The simulated asset statistics from this data:

=====================================================
SIMULATED ASSET STATISTICS (annualised)
=====================================================
Asset     Ann Ret   Ann Vol   Sharpe
--------------------------------------
SPY         9.7%    21.3%     0.46
TLT       -11.5%    16.9%    -0.68
GLD        11.1%    14.4%     0.77
BTC        51.4%    83.2%     0.62

Bear-regime days: 389 / 1500  (25.9%)

The TLT drawdown and BTC volatility profile are consistent with the 2018–2024 experience. Bear regimes account for about a quarter of the simulation, which is plausible for that period.

Train / Validation / Test Split

A strict temporal split — no shuffling, no data leakage between periods:

train_end = int(0.60 * N_DAYS)   # 900 days
val_end   = int(0.80 * N_DAYS)   # 1200 days

train_lr = log_rets[:train_end]
val_lr   = log_rets[train_end:val_end]
test_lr  = log_rets[val_end:]

Train: 900 days | Validation: 300 days | Test: 300 days

Building the Portfolio Environment

class PortfolioEnv:
    """
    Observation: rolling window of log-returns (WINDOW × N_ASSETS)
                 + current portfolio weights (N_ASSETS)
                 + normalised portfolio value (1)
    Action:      portfolio weights ∈ [0,1]^K, projected onto the simplex
    Reward:      per-step log-return net of transaction costs
    """

    def __init__(self, lr, initial=10_000, tc=0.001, window=WINDOW):
        self.lr  = lr.astype(np.float32)
        self.T, self.K = lr.shape
        self.init = initial
        self.tc   = tc
        self.win  = window
        self.sdim = window * self.K + self.K + 1

    def reset(self, start=None):
        self.t = self.win if start is None else max(self.win, start)
        self.v = float(self.init)
        self.w = np.ones(self.K, dtype=np.float32) / self.K
        return self._obs()

    def step(self, action):
        a  = np.clip(action, 1e-8, None).astype(np.float32)
        a /= a.sum()                                        # project onto simplex

        plr = float(np.dot(self.w, self.lr[self.t - 1]))   # portfolio log-return
        to  = float(np.abs(a - self.w).sum())              # L1 turnover
        nr  = np.exp(plr) * (1 - to * self.tc) - 1.0      # net return after costs

        self.v *= (1 + nr)
        self.w  = a
        self.t += 1

        reward = float(np.log1p(nr))                        # per-step incremental reward
        done   = self.t >= self.T
        return self._obs(), reward, done, {
            "v": self.v, "nr": nr, "to": to, "w": a.copy()
        }

    def _obs(self):
        window_rets = self.lr[self.t - self.win : self.t].flatten()
        return np.concatenate([
            window_rets, self.w, [self.v / self.init]
        ]).astype(np.float32)

Key Design Decisions

Log-returns in the observation. Raw price returns are right-skewed and scale with price level. Log-returns are additive across time and better conditioned for neural network optimisation.

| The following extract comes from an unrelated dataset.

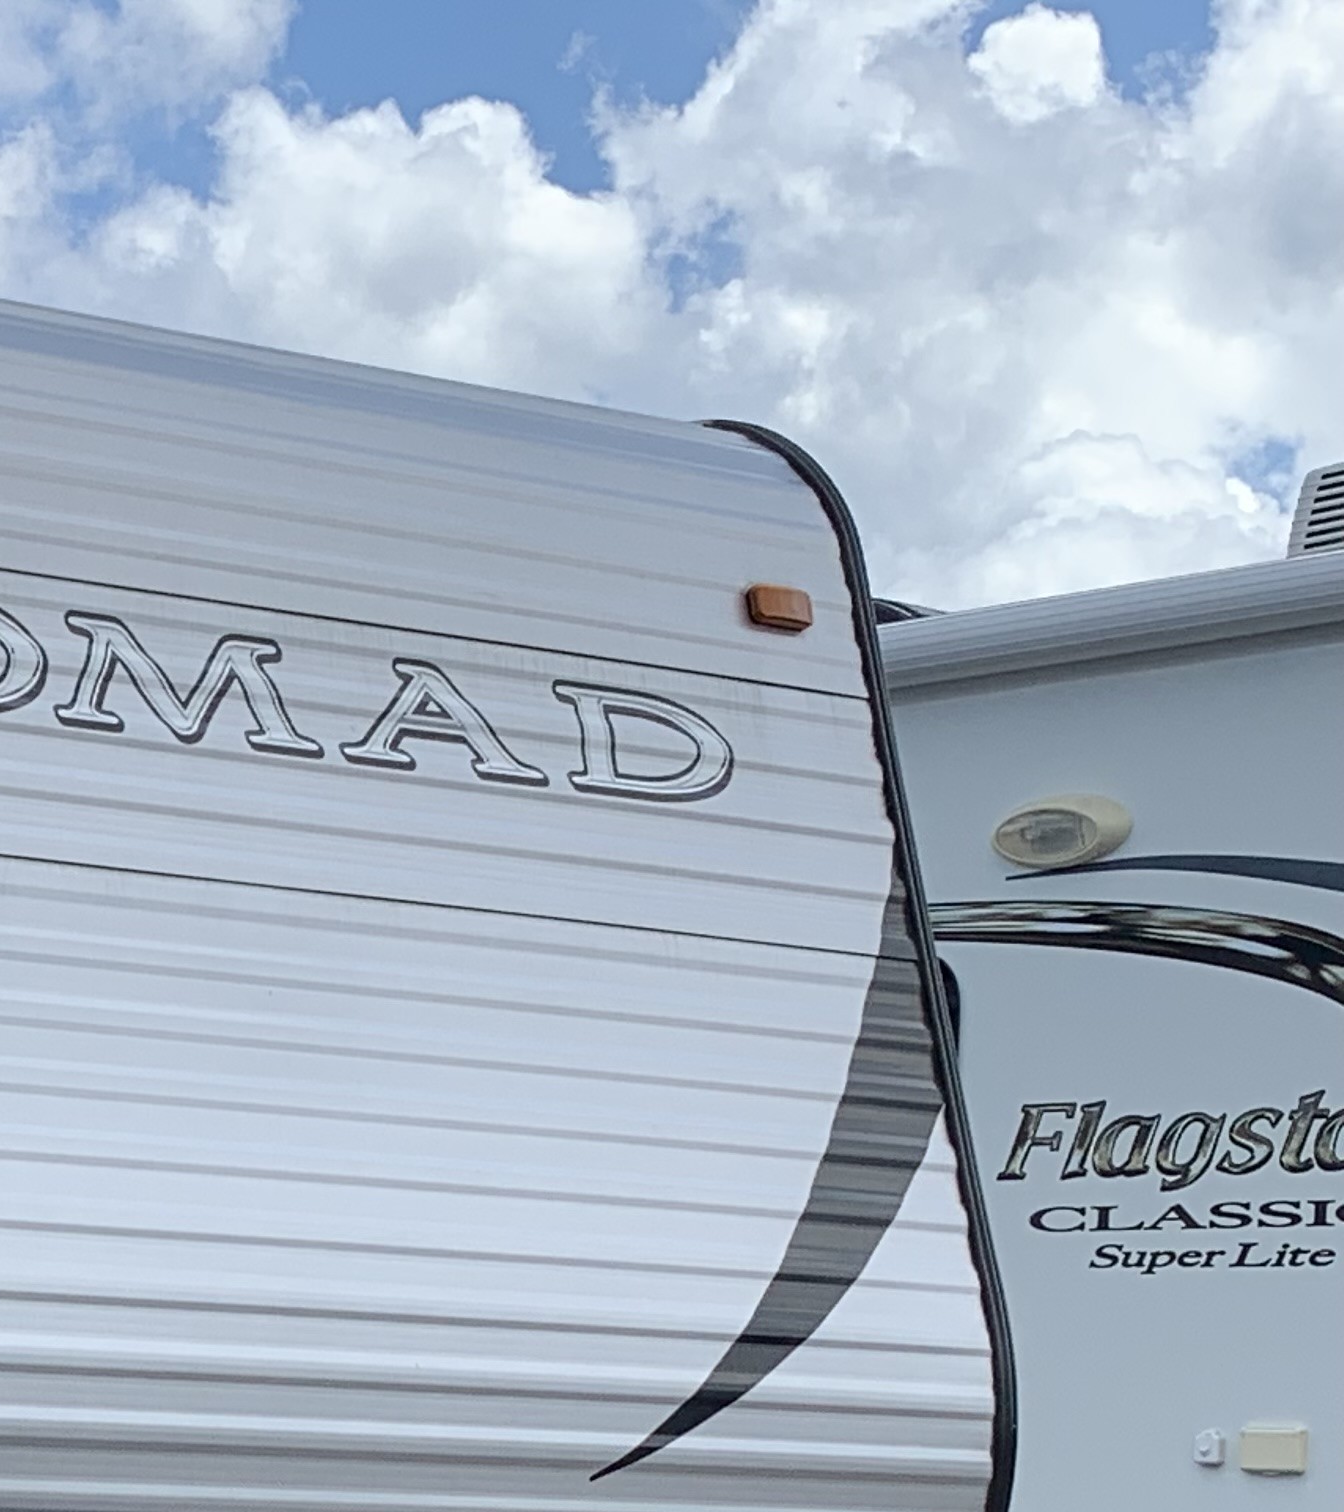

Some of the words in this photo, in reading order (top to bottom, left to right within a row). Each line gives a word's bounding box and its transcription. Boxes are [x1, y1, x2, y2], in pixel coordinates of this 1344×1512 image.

Per-step incremental reward, not cumulative. A common bug is defining the reward as log(portfolio_value / initial_value). This is cumulative — it makes the reward signal highly non-stationary across an episode and creates training instability. The correct formulation is the per-step log return: log(1 + net_return).

Current weights in the observation. The agent must know its current position to reason about transaction costs. Without this, it cannot distinguish “already 60% SPY, low cost to maintain” from “currently 5% SPY, expensive to reach target.”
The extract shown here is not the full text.